Было мерзко и пакостно спросонья. Широченная ветвь, под которой он пристроился засыпая, уплыла кудато в сторону, и солнце, обезумевшее от ненависти ко всему живому, лупило со всей силы прямо в глаза, мелкой теркой скребло кожу лица, рук.

- У-у-угхр-ы-ы, - прохрипел он в бессилии запекшимся, пересохшим ртом, перевалился несколько раз через бок, не глядя, на ощупь, пытаясь вернуться в спасительную тень, - на несколько секунд наступило облегчение. Мелькнуло вчерашнее: долгое, шумное застолье, клятвы в верности, лобызания, призывы, гомон, хай, пьяное бормотанье - и вера, сумасшедшая, ненормально-железная вера в то, что все будет как надо, что и идет-то все как надо, лучше и некуда. И остается лишь ждать себе, покуда спустится с небес царствие, светлее которого не бывало и не будет никогда, вот оно - уже спускается, и они видят, и они верят, потому что страстно хотят видеть и верить. И опять суета, хрип, одергивание и перебивание, и каждый лезет вперед, норовя попасть на глаза Учителю, выкрикнуть ему в лицо восторженно и слепо: нет, никогда, я ни за что не предам Тебя! Не было у Тебя вернее и преданнее ученика и друга! И каждый норовит оттереть другого своими объятиями и поцелуями, от которых Учитель лишь чуть отстраняется рукой, и они зависают в воздухе со всей их хмельной слезливой искренностью, дрожащей мокрогубостыо и невероятной - ни одному актеру не сыграть - правдивостью чувств, разожженных до экстатического восторга, до сладостного самоистребления и уничижения во имя Его, во имя дела Его, ставшего делом Общим. И казалось так - не дюжина их, не двенадцать избранных, а легион - легион легионов непобедимых и жаждущих избавления, уже несущих его в своих сердцах, на своих руках, губах людям, человечеству, всем этим малым, сирым, неуютно скопившимся в темноте по задворкам, дрожащим в убогости и слабости своей по щелям. Да приидет царствие Твое! А чего там, ждать недолго - вот Оно, вон уже краешек златосияющий показался! Лови Его! Не упусти! Верь!.. И как хорошо верилось. Сейчас, когда чугунная голова тянула в ад, в пропасть и хотелось лишь одного - забыться, эта вера казалась какой-то нереальной, невзаправдашней. А вчера он в упоении кричал Ему: до конца вместе! не предам! не отступлюсь! все как один! Ах, как он был счастлив вчера, это было единение, это было торжество...

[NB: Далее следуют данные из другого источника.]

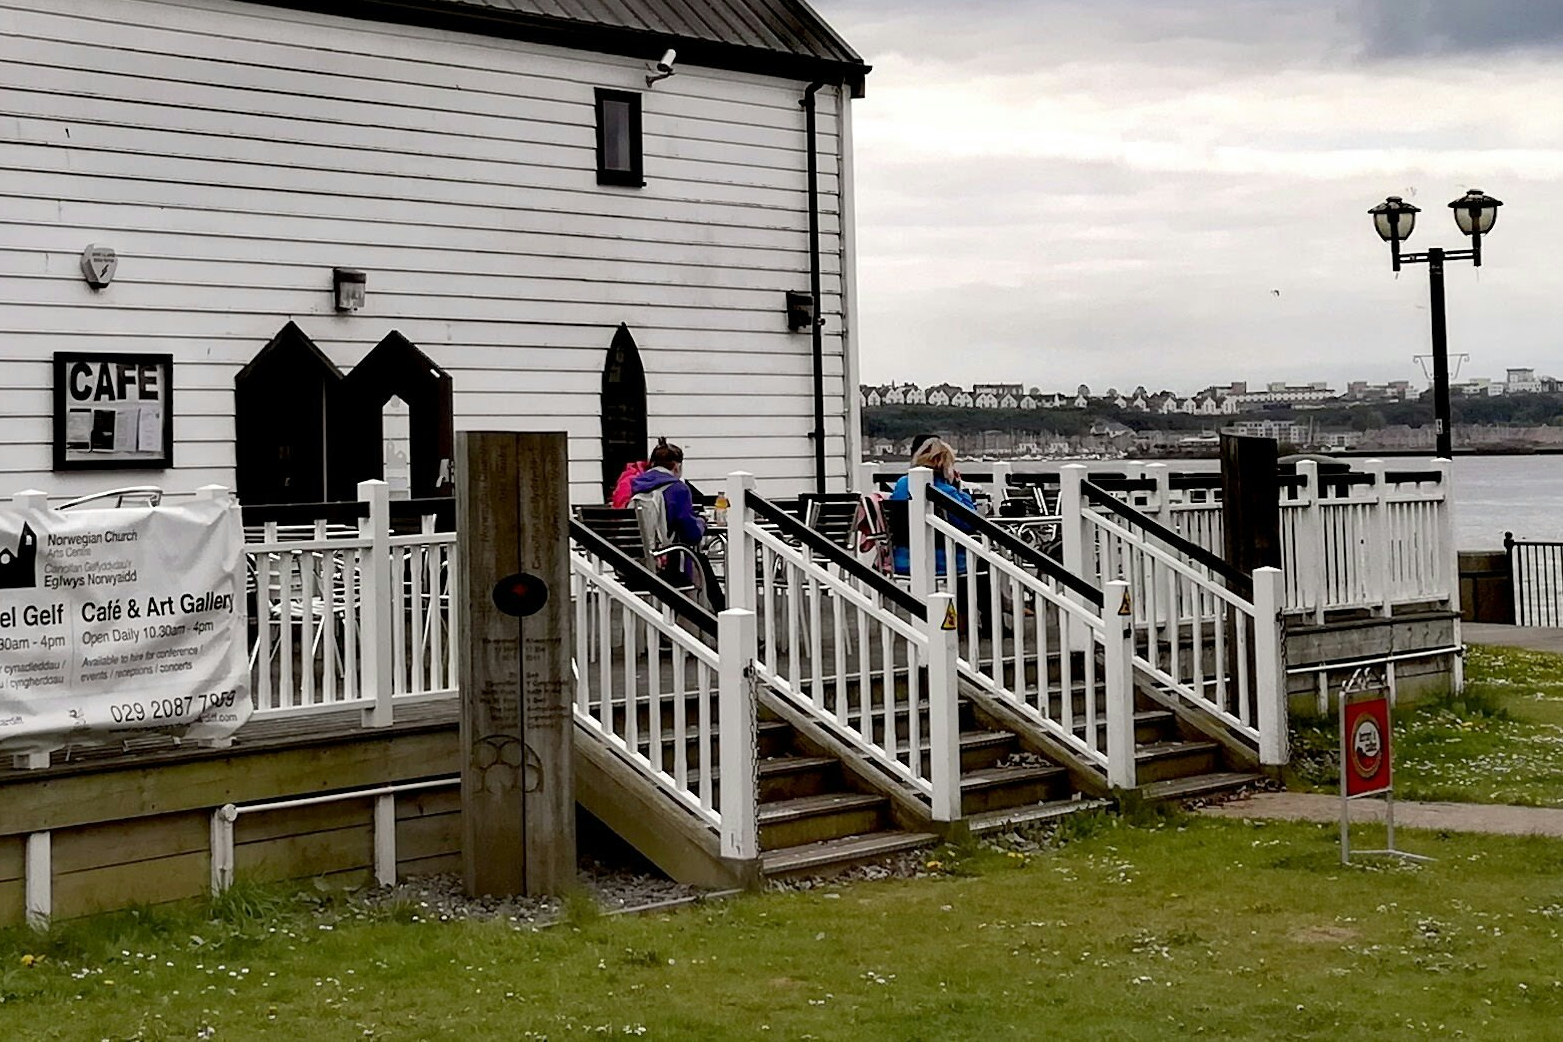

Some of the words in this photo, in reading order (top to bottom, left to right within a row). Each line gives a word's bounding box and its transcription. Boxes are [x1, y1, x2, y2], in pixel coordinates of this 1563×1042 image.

[70, 362, 159, 401] CAFE
[47, 532, 102, 548] Norwegian
[105, 530, 138, 542] Church
[44, 574, 85, 589] Eglwys
[88, 569, 137, 586] Norwyaidd
[23, 603, 64, 626] Gelf
[82, 598, 122, 622] Café
[127, 598, 141, 618] &
[146, 596, 175, 617] Art
[180, 591, 234, 614] Gallery
[41, 635, 66, 649] 4pm
[82, 630, 110, 647] Open
[113, 626, 140, 643] Daily
[143, 624, 185, 639] 10.30am
[192, 621, 214, 635] 4pm
[82, 655, 119, 668] Available
[120, 653, 128, 663] to
[145, 650, 156, 660] for
[156, 646, 198, 659] conference
[80, 671, 108, 682] events
[110, 702, 145, 723] 029
[150, 696, 193, 719] 2087
[198, 690, 236, 713] 7959

- Вон он, валяется под оливой, - еле слышно проговорил кто-то вдалеке насморочным гугнивым голосом.

- Ага, - отозвалось голосом потверже, - лежит, падаль!

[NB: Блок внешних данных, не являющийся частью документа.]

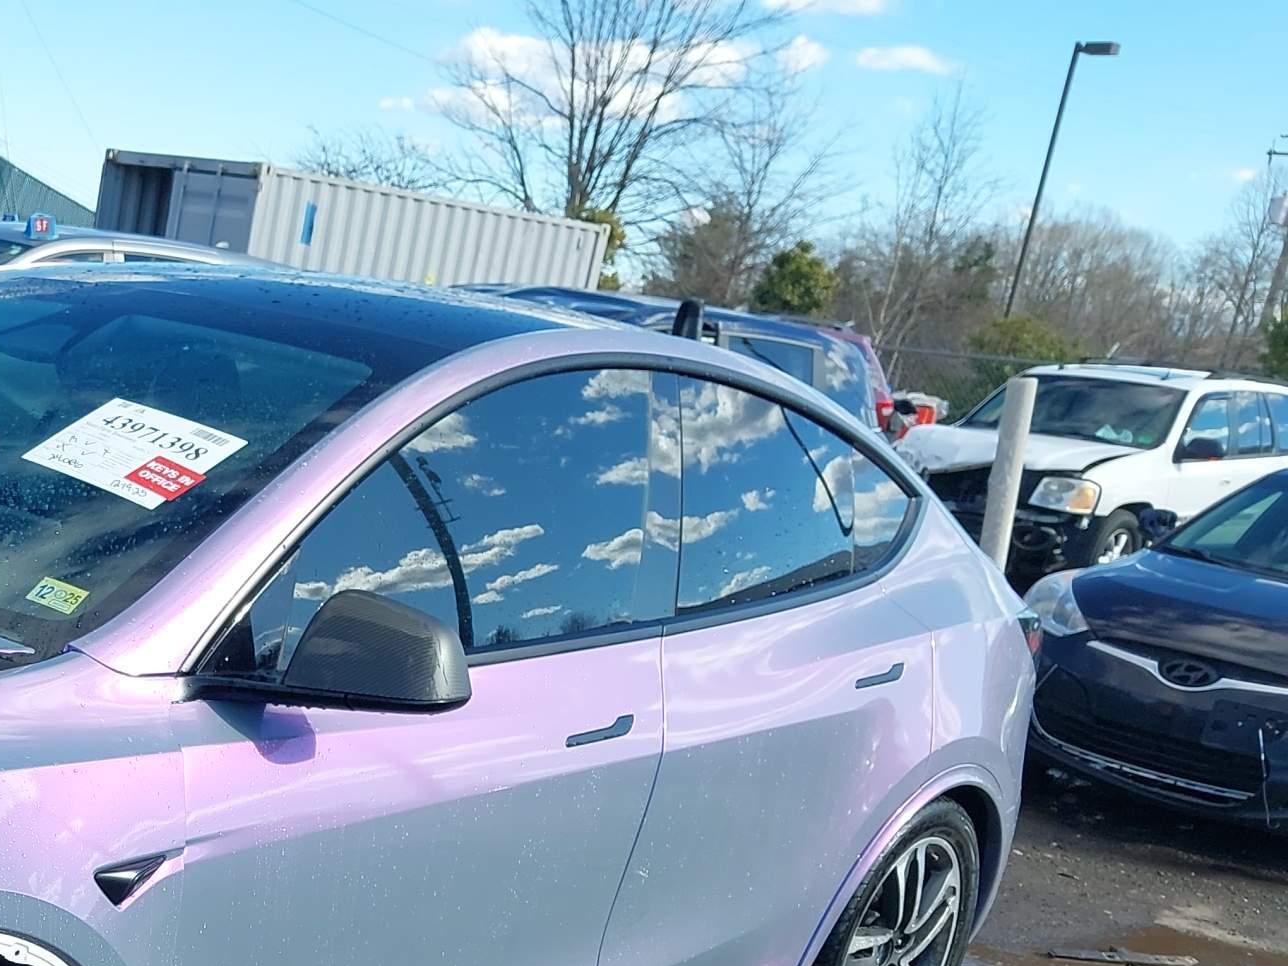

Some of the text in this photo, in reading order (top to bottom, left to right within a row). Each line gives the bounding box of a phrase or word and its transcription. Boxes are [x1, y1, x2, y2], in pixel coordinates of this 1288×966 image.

[35, 220, 48, 232] SF
[103, 415, 209, 461] 43971398
[138, 470, 181, 493] OFFICE
[146, 461, 180, 479] KEYS
[177, 475, 195, 487] IN
[35, 584, 56, 600] 12
[63, 592, 82, 606] 25

Над лицом, как привязанный липкими невидимыми нитями, завис жирно-мохнатый, противно зудящий шмель. Страшно было даже чуть приоткрыть глаза, казалось, тварь тут же вопьется в них своим мерзким ядовитым жалом. Но и терпеть уже было невыносимо. Резким взмахом руки он разодрал все эти липкие нити, связывавшие реальность с бредом, а заодно и прогнал наглое насекомое, привлеченное остатками вчерашнего вина, запекшегося в его бороде и усах. Ох, как было противно все вокруг и внутри, невыносимо противно!

- Дергается, гаденыш! - как-то радостно и почти без злорадства прошелестел гугнивый. - Очухивается, видать, господин центурион. Никак продрыхся, голубок!

Он приподнял голову и в мареве из синих, зеленых, оранжевых кругов и молний, дергающихся в ослепительном солнечном сиянии неправдоподобно яркого дня, увидел стоящих в нескольких шагах людей. Совершенно незнакомых, пристально-внимательных. Никого из друзей, соратников, вчерашних единоверцев рядом не было. Даже следов их пребывания не было заметно, и не было самого главного, не было Учителя. Где все они? В чем дело? Тяжелая, свинцово-опустошенная голова ответа не давала, только гулко, каким-то эхом гудело в ней вчерашнее: все вместе! До конца!